Question

If a, b, c are integers such that $|a - b|^{19} + |c-a|^{19}=1$, find the value of $| c -a | + |a-b| + |b-c|$

• A. 2
• B. 3
• C. 1
• D. 4

Answer 1

Answer: (A)

2

Answer 2

Let $X = |a - b|$ and $Y = |c - a|$. Since $a, b, c$ are integers, $X$ and $Y$ must be non-negative integers. The given equation is $X^{19} + Y^{19} = 1$. The only non-negative integer solutions are $(X, Y) = (0, 1)$ or $(X, Y) = (1, 0)$. We know that $(a-b) + (b-c) + (c-a) = 0$. Let $u = a-b$ and $w = c-a$. Then $b-c = -(u+w)$. So, $|b-c| = |-(u+w)| = |u+w|$.

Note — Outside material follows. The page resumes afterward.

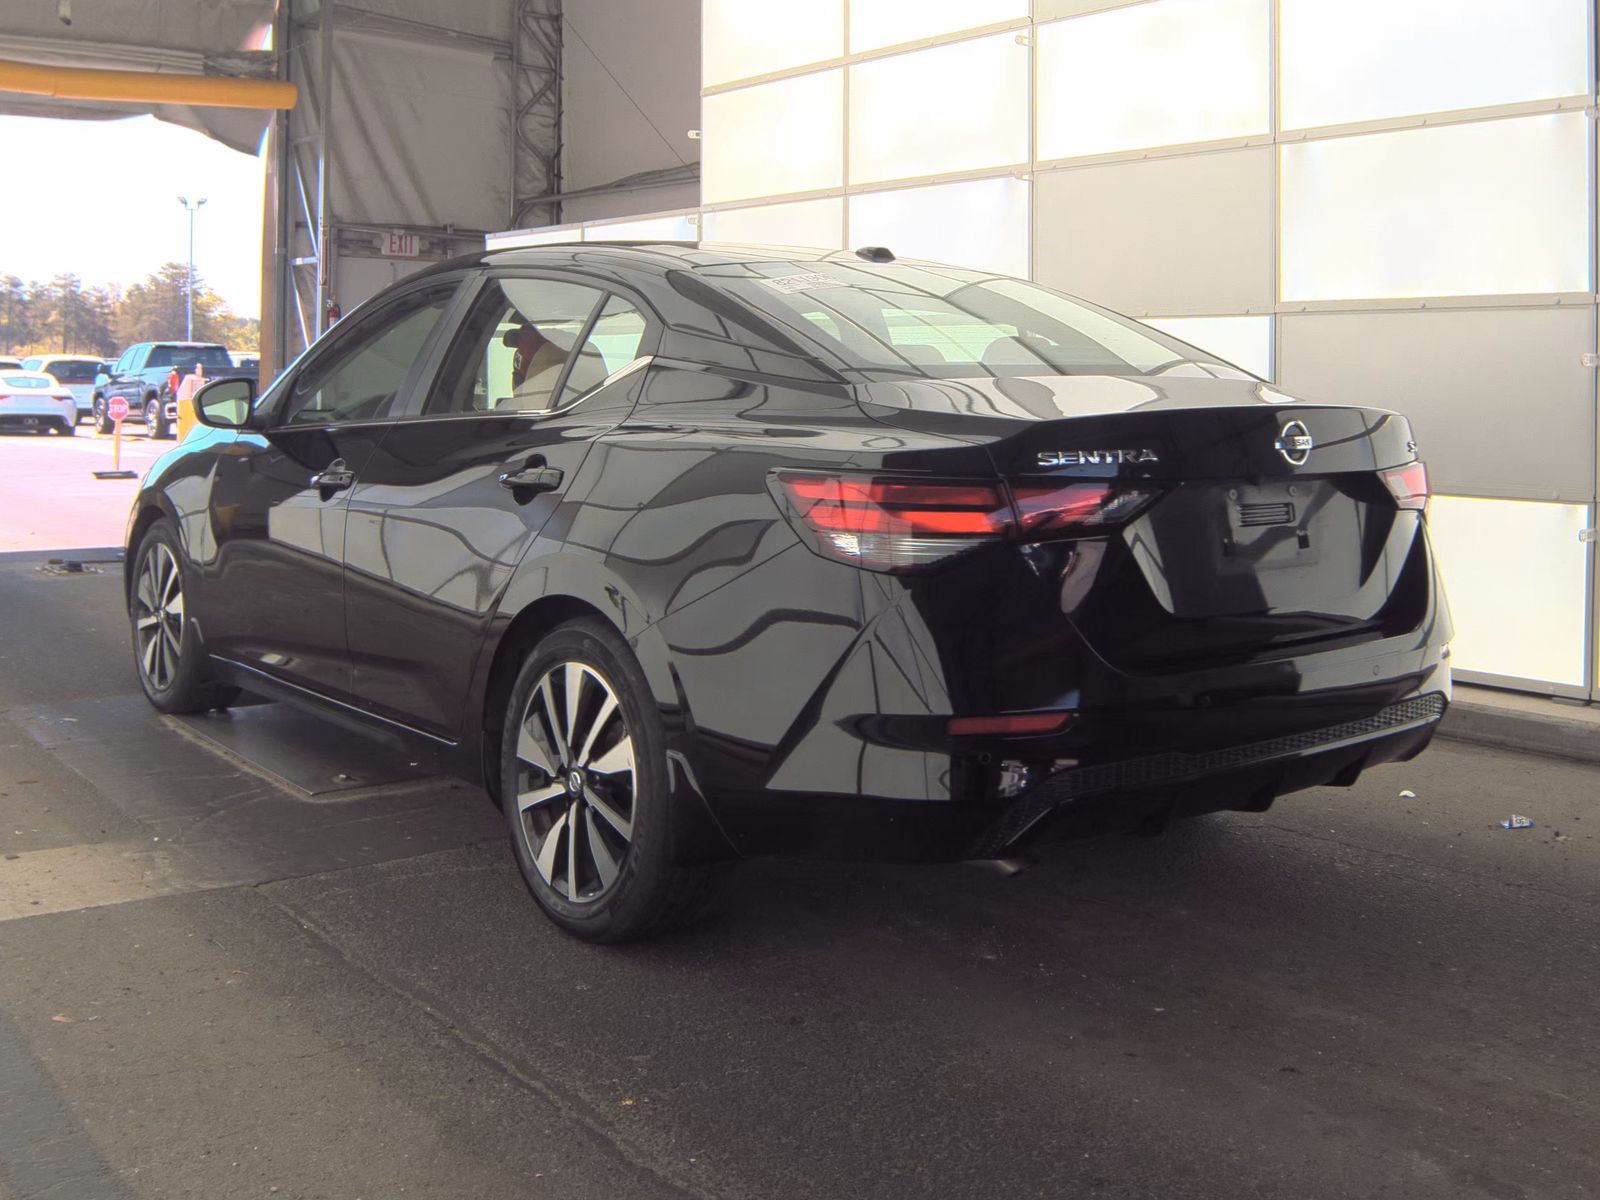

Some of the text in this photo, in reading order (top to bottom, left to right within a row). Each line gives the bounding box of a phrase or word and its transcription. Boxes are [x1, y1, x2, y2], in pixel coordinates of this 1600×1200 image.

Case 1: $|a - b| = 0$ and $|c - a| = 1$. Then $|b-c| = |0 + (c-a)| = |c-a| = 1$. The sum is $|c-a| + |a-b| + |b-c| = 1 + 0 + 1 = 2$.

Case 2: $|a - b| = 1$ and $|c - a| = 0$. Then $|b-c| = |(a-b) + 0| = |a-b| = 1$. The sum is $|c-a| + |a-b| + |b-c| = 0 + 1 + 1 = 2$. In both cases, the sum is 2.